In the simple case the FluentBit instances communicate directly with OpenSearch nodes.
In both cases there is a set of FluentBit configurations which is responsible for proper logs collection from the containers and enriching those with the respective kubernetes metadata such as namespace of the origin workload, its labels and so on. The metadata is later used in indexing, searchers and visualisations scenarios. This shared configuration is shown on the diagrams here as “kubernetes data pipeline”.
The “kubernetes data pipeline” uses standard “Tail” input plugin to read the logs from the mounted node filesystem, “Kube-Tag” parser plugin to generate FluentBit tag of the events. Followed by “Kubernetes” filter used to add the kubernetes metadata to the events followed by the end by a “de_dot” filter used to replace dots “.” with undescores “_” in event names.

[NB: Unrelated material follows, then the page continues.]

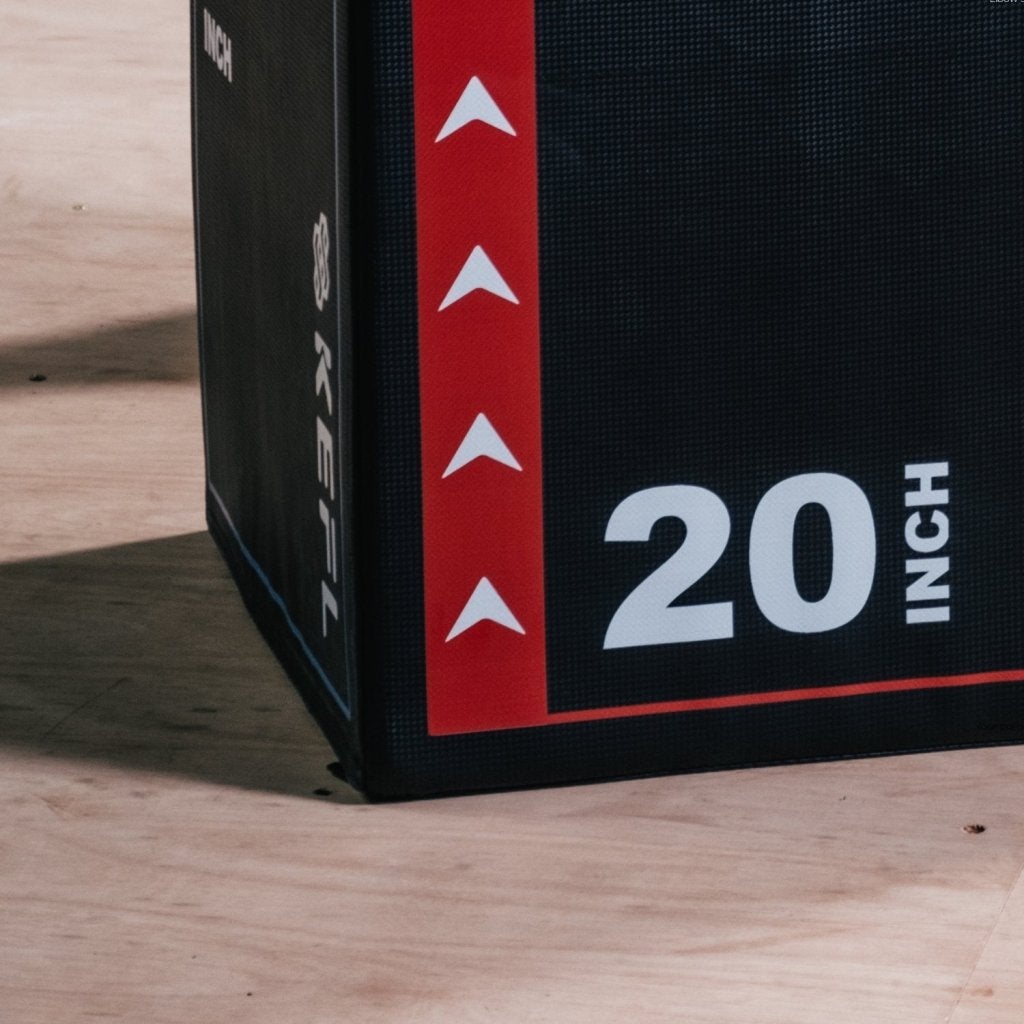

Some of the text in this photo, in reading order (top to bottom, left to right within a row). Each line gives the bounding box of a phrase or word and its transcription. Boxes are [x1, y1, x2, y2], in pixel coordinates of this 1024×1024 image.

The “kubernetes data pipeline” is the foundation of any application specific configurations. For example nginx ingress controller produces unstructured access logs. To parse those logs and transform the lines into structured json formatted messages we shall enrich the pipeline with corresponding filters and parsers.
The nginx access logs parsing example is located at fluentbit-configs folder. Any additional application specific configs needs to be saved in the same location following filenames the naming conventions. Aka filters needs to have “filter” predix, “parsers” for parsers and so on.

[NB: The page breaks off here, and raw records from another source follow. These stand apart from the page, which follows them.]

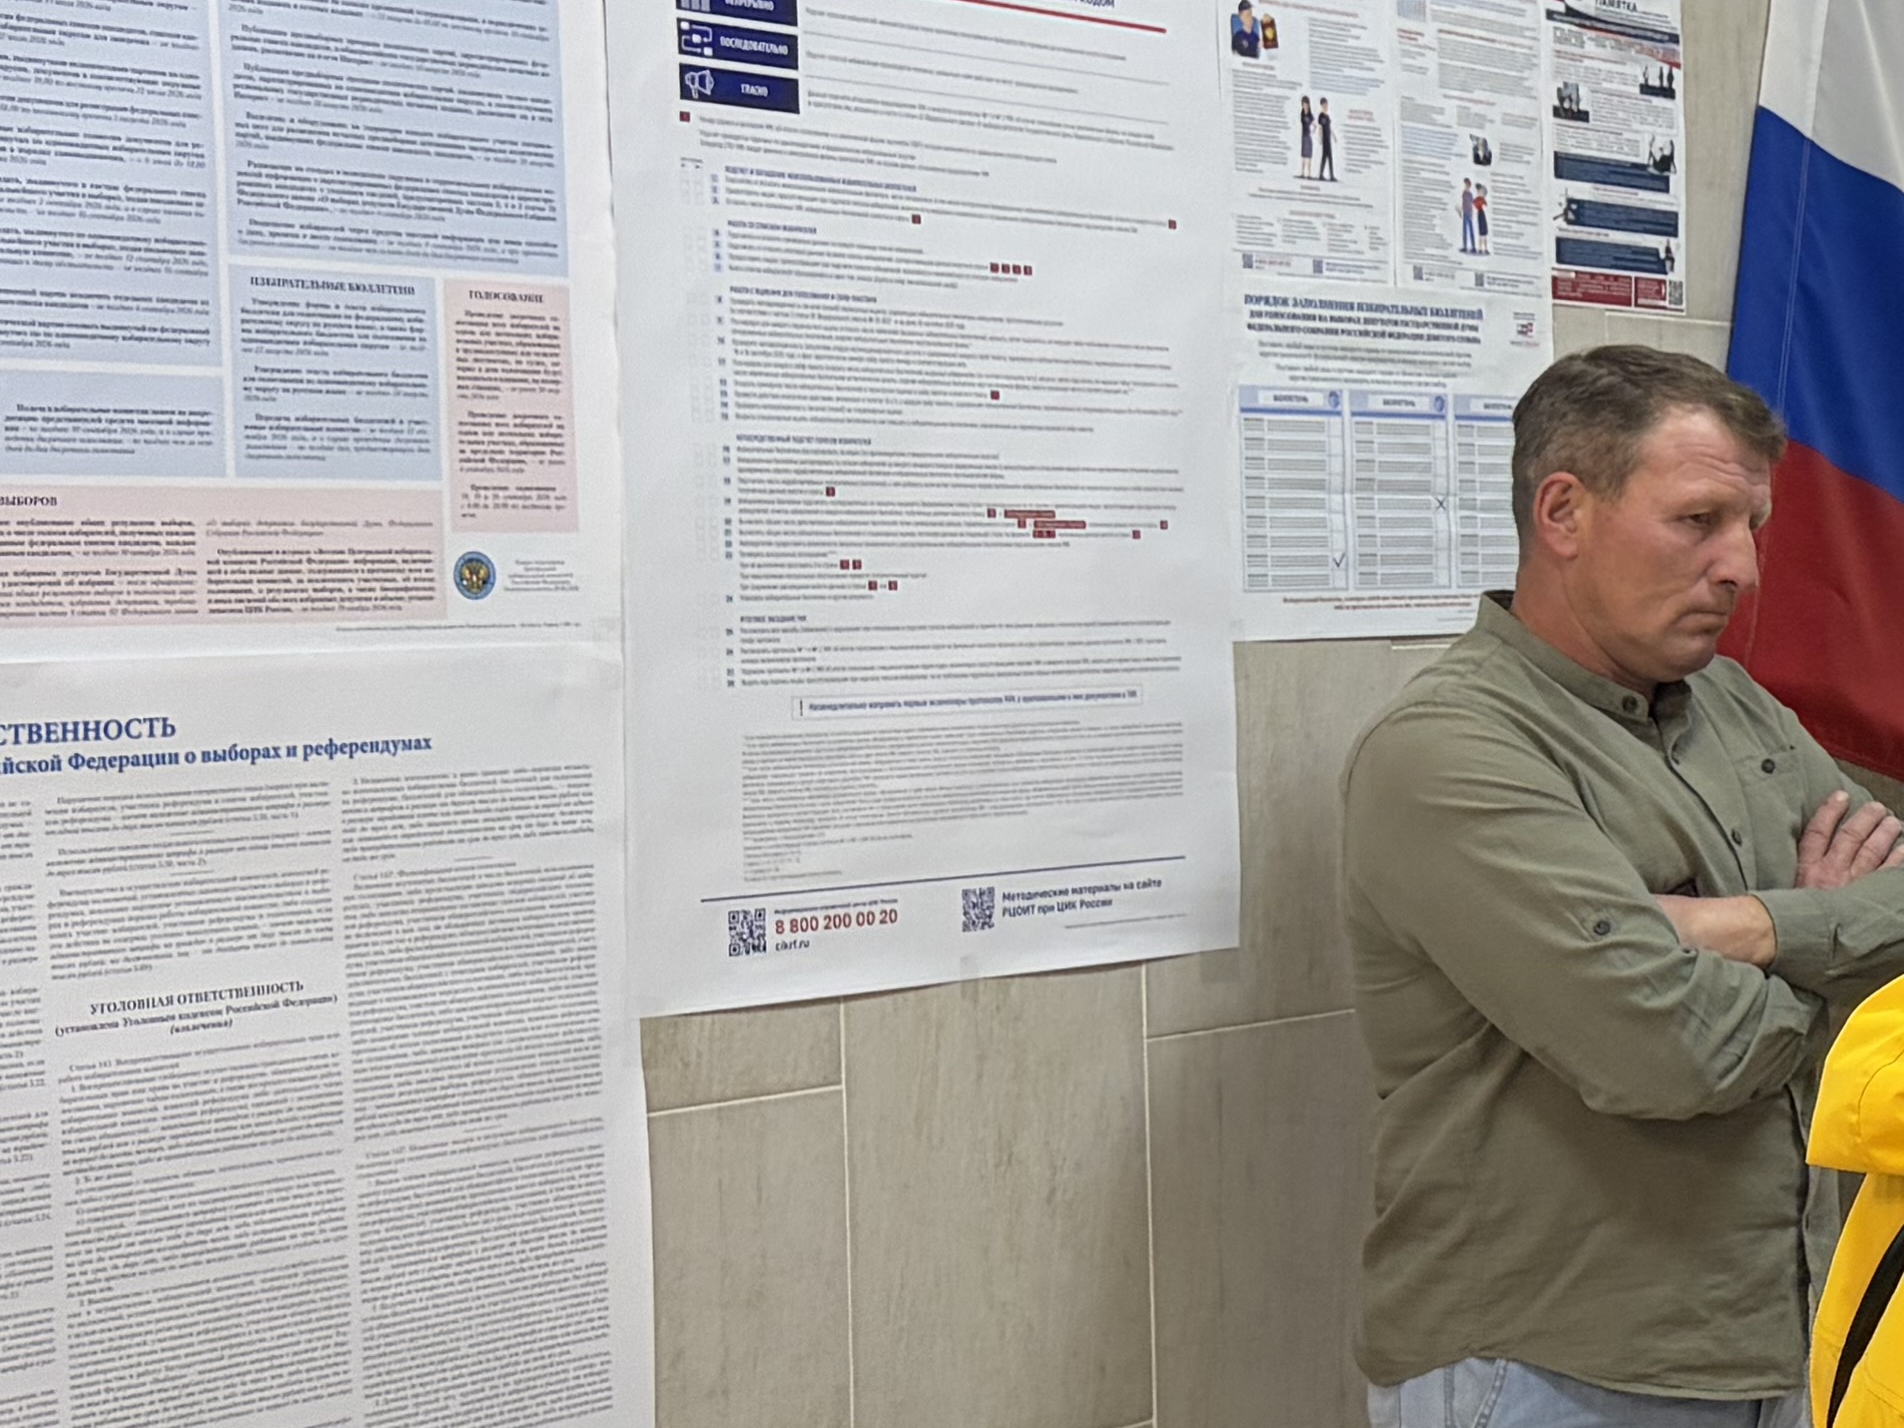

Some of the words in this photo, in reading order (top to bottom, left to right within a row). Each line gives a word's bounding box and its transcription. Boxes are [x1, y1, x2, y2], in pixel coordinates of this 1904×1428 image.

[67, 751, 180, 774] Федерации
[184, 751, 197, 765] о
[201, 743, 282, 766] выборах
[285, 744, 298, 758] и
[302, 737, 432, 762] референдумах
[1001, 887, 1070, 903] Методические
[1135, 879, 1163, 890] сайте
[1079, 898, 1113, 909] России
[774, 919, 786, 935] 8
[789, 915, 820, 934] 800
[823, 912, 852, 931] 200
[855, 910, 876, 927] 00
[878, 908, 898, 925] 20
[90, 994, 174, 1016] УГОЛОВНАЯ
[176, 980, 304, 1005] ОТВЕТСТВЕННОСТЬ

In the nginx access log example the rewrite_tag filter is used to tag messages originating from containers and which share the app_kubernetes_io/name: ingress-nginx
label.
[FILTER]
Name rewrite_tag
Match kube.*
Rule $kubernetes['labels']['app_kubernetes_io/name'] "^(ingress-nginx)$" nginx false
[FILTER]
Name parser
Match nginx
Key_Name log
Parser k8s-nginx-ingress
Reserve_Data True
The messages are tagged and re-emitted in the FluentBit data pipeline. Later matched by the nginx parser which uses regex to construct a json formatted structured message
[PARSER]
Name k8s-nginx-ingress
Format regex
Regex ^(?<host>[^ ]*) - (?<user>[^ ]*) \[(?<time>[^\]]*)\] "(?<method>\S+)(?: +(?<path>[^\"]*?)(?: +\S*)?)?" (?<code>[^ ]*) (?<size>[^ ]*) "(?<referrer>[^\"]*)" "(?<agent>[^\"]*)" (?<request_length>[^ ]*) (?<request_time>[^ ]*) \[(?<proxy_upstream_name>[^ ]*)\] (\[(?<proxy_alternative_upstream_name>[^ ]*)\] )?(?<upstream_addr>[^ ]*) (?<upstream_response_length>[^ ]*) (?<upstream_response_time>[^ ]*) (?<upstream_status>[^ ]*) (?<reg_id>[^ ]*).*$
Time_Key time
Time_Format %d/%b/%Y:%H:%M:%S %z
Additional parsers are supported such as multiline parses allowing to reconstruct java stacktraces into a single message.

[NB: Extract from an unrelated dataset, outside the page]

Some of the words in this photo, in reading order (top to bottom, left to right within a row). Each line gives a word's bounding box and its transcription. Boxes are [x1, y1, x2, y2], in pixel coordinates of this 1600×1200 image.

Here is an example of such configuration.
filter-zookeeper.conf
:
[FILTER]
Name rewrite_tag
Match kube.*.logging.*.*
Rule $kubernetes['labels']['type'] "^(zk)$" zookeeper false
Emitter_Storage.type filesystem
[FILTER]
Name multiline
Match zookeeper
multiline.parser zookeeper_multiline
parser-zookeeper.conf
[MULTILINE_PARSER]
name zookeeper_multiline
type regex
flush_timeout 1000
key_content log
# Regex rules for multiline parsing
# ---------------------------------
# - first state always has the name: start_state
# - every field in the rule must be inside double quotes
#
# rules | state name | regex pattern | next state name
# ------|--------------|--------------------------------------|----------------
rule "start_state" "/^(?<exception>[^ ]+:)(?<rest>.*)$/" "cont"
rule "cont" "/\s+at\s.*/" "cont"
Hint: For high volume logs producers consider adding:
Emmiter_Storage.type filesystem
property. It allows additional buffering during re-emitting of the events, details see FluentBit rewrite-tag.